You are my new hero!!!


----------



## guest

the electical (parts) was fairly expensive.. i spent 212$ for parts the 1st time around... wire, 20 outlets, circuit breakers, light fixtures, plugs ect.. 

then today got other stuff id need: (195$)
more plugs, more wire, wire nuts (wicked expensive 24$ for 300 red wire nuts) green wire nuts (10$ for 100) 

plus the big outdoor light and some 12-3 wire (3 way wire for the inside light switch - one by the side door, one switch in between the bays)


all siad, so far im into electrical for over 1500$

I think it was about 130$ for the original wire run from the house to the garage; wire, cable phone and pvc

Then 600$ for the electrician to wire and set up the sub panel &1 outlet... I felt i took a screwing on that one and switched to my friend.

400$ so far for electricla wiring & parts.

300$ for outdoor lights 


well at least.. now i realize why i am broke!!!

but in the end it will be worth it...


----------



## bontai Joe

When I was a teenager, my workshop was a converted chicken coop with electricity supplied by (1) 14 ga. extension cord from the house.
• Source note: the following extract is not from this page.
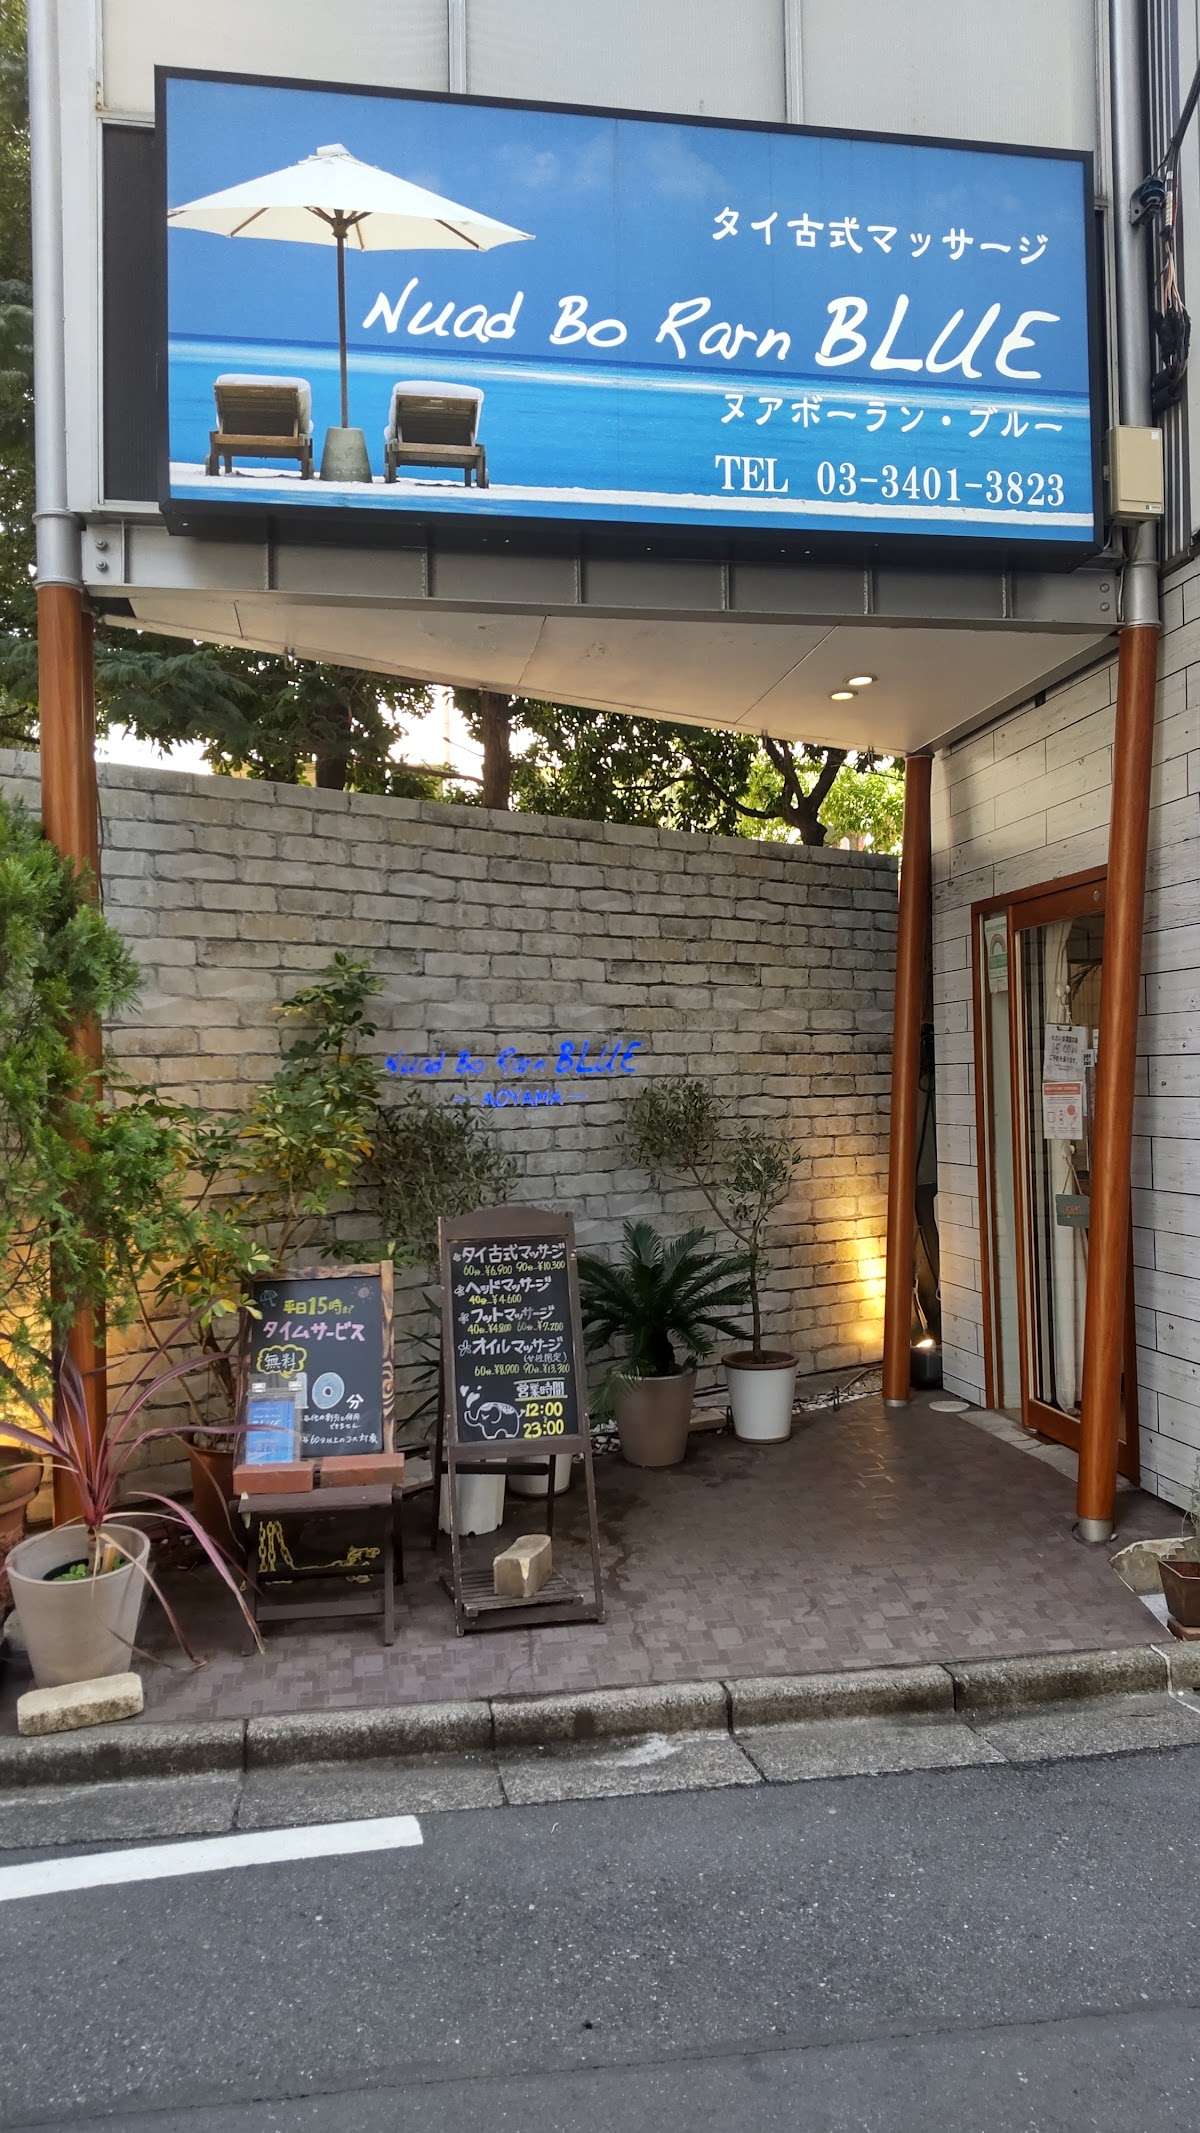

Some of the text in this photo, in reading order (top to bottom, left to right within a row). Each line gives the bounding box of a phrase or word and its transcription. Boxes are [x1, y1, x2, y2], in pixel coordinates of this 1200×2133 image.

It worked that way for over 30 years, but sure wasn't even close to code, not even Iraqi code I eventually rented a Ditch Witch and laid in underground and a properly grounded panel for 4 outlets and 2 flourescent lights. A few years after that, I lost the property to a highway widening project. Now I have no building at all, just a corner of the basement. Gotta save my pennies I guess.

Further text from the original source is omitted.